What to do:
For this exercise, reproduce each entry below exactly, excluding pictures.

Records for this task:
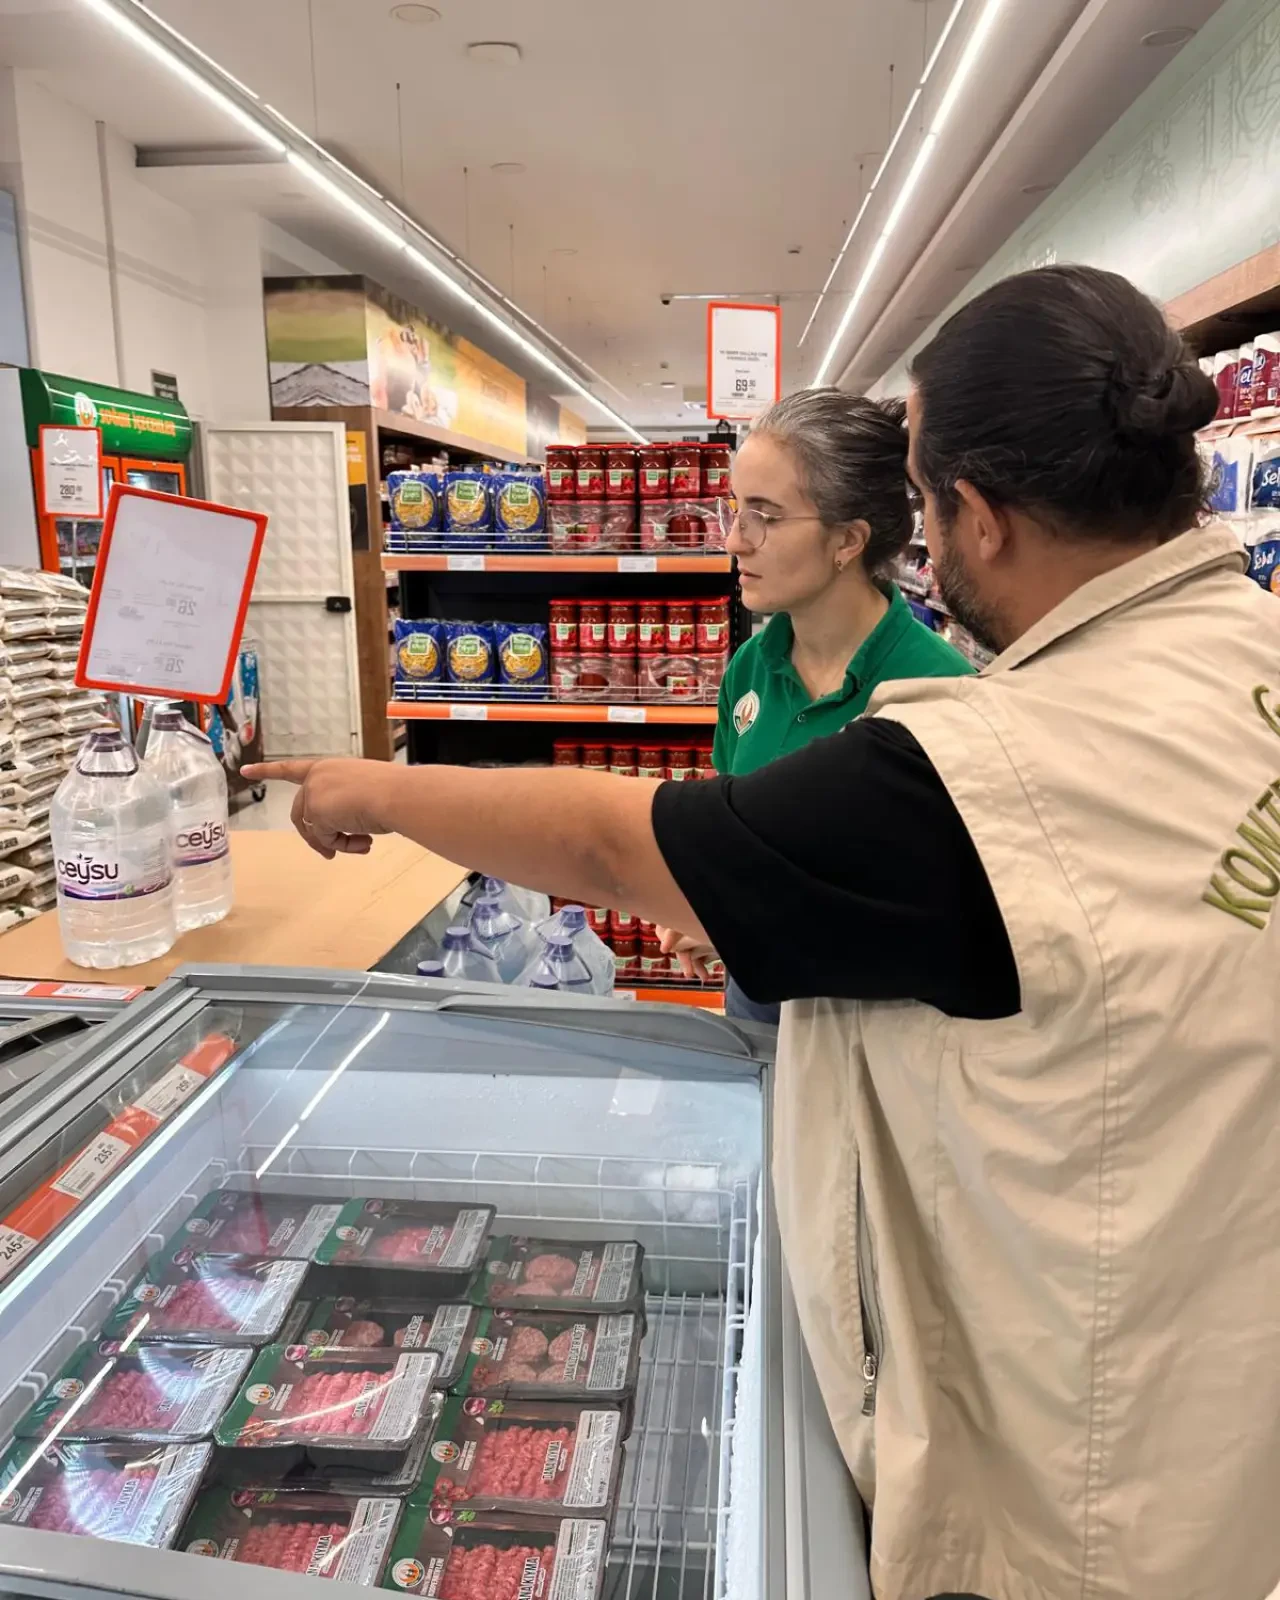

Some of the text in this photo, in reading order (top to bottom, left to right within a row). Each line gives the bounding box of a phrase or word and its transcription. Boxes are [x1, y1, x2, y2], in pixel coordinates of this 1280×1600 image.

[735, 379, 748, 392] 69
[176, 821, 226, 849] ceysu
[1201, 778, 1280, 931] KONT
[57, 854, 119, 885] ceysu
[94, 1148, 113, 1164] 235
[0, 1241, 23, 1261] 245
[523, 1557, 539, 1584] KIYMA
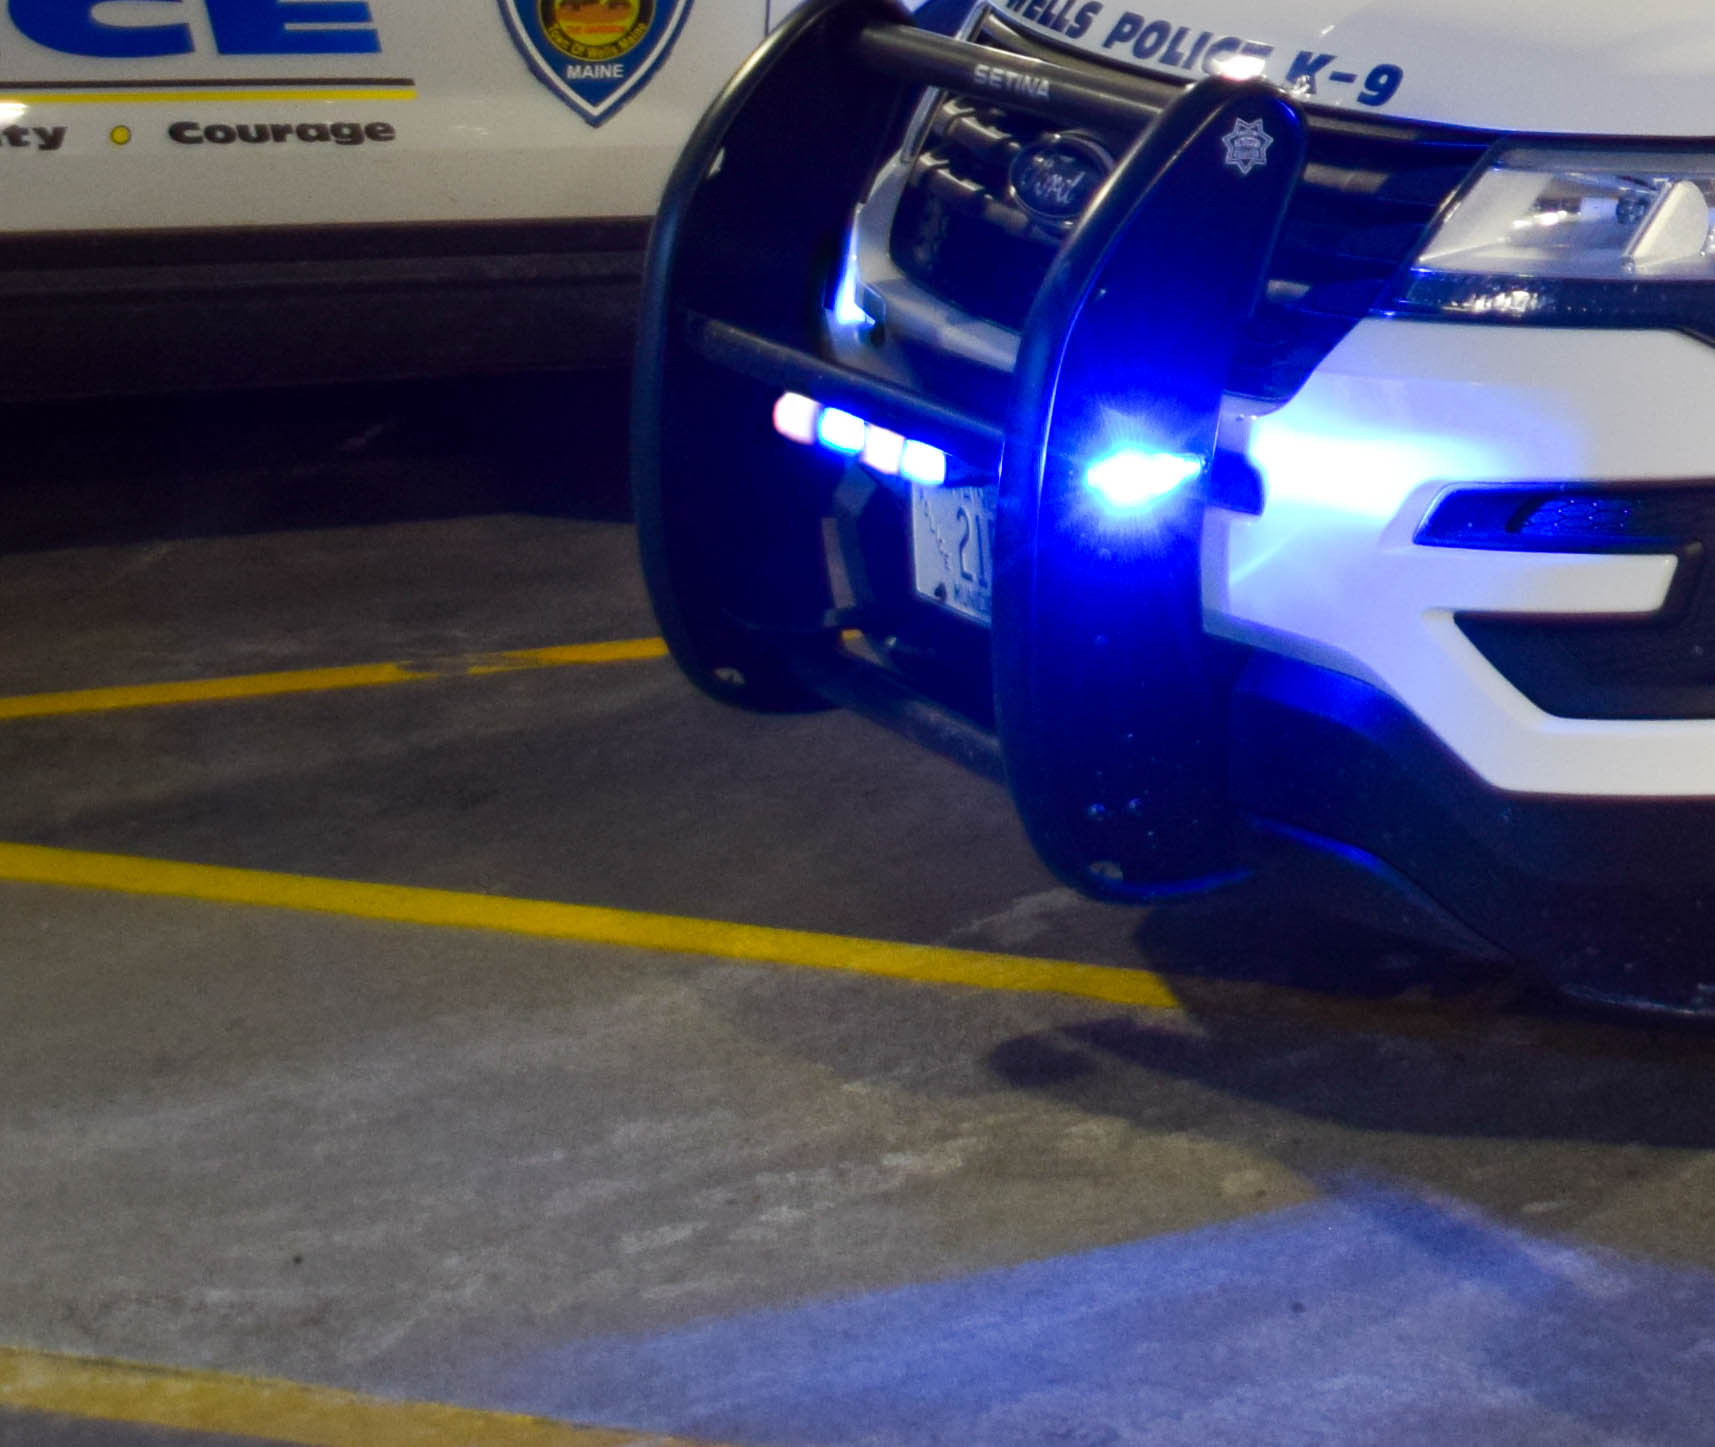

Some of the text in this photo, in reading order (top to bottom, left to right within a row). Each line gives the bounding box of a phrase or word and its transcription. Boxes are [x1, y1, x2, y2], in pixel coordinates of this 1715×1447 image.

[566, 64, 625, 80] MAINE
[972, 63, 1050, 102] SETINA
[1285, 51, 1405, 107] K-9
[0, 120, 397, 151] ty Courage

Result of the exercise:
Some of the text in this photo, in reading order (top to bottom, left to right within a row). Each line gives the bounding box of a phrase or word and its transcription. Boxes are [x1, y1, x2, y2], in pixel coordinates of this 1280×1600 image.

[735, 379, 748, 392] 69
[176, 821, 226, 849] ceysu
[1201, 778, 1280, 931] KONT
[57, 854, 119, 885] ceysu
[94, 1148, 113, 1164] 235
[0, 1241, 23, 1261] 245
[523, 1557, 539, 1584] KIYMA

Some of the text in this photo, in reading order (top to bottom, left to right within a row). Each line gives the bounding box of a phrase or word and its transcription. Boxes are [x1, y1, x2, y2], in pixel coordinates of this 1715×1447 image.

[566, 64, 625, 80] MAINE
[972, 63, 1050, 102] SETINA
[1285, 51, 1405, 107] K-9
[0, 120, 397, 151] ty Courage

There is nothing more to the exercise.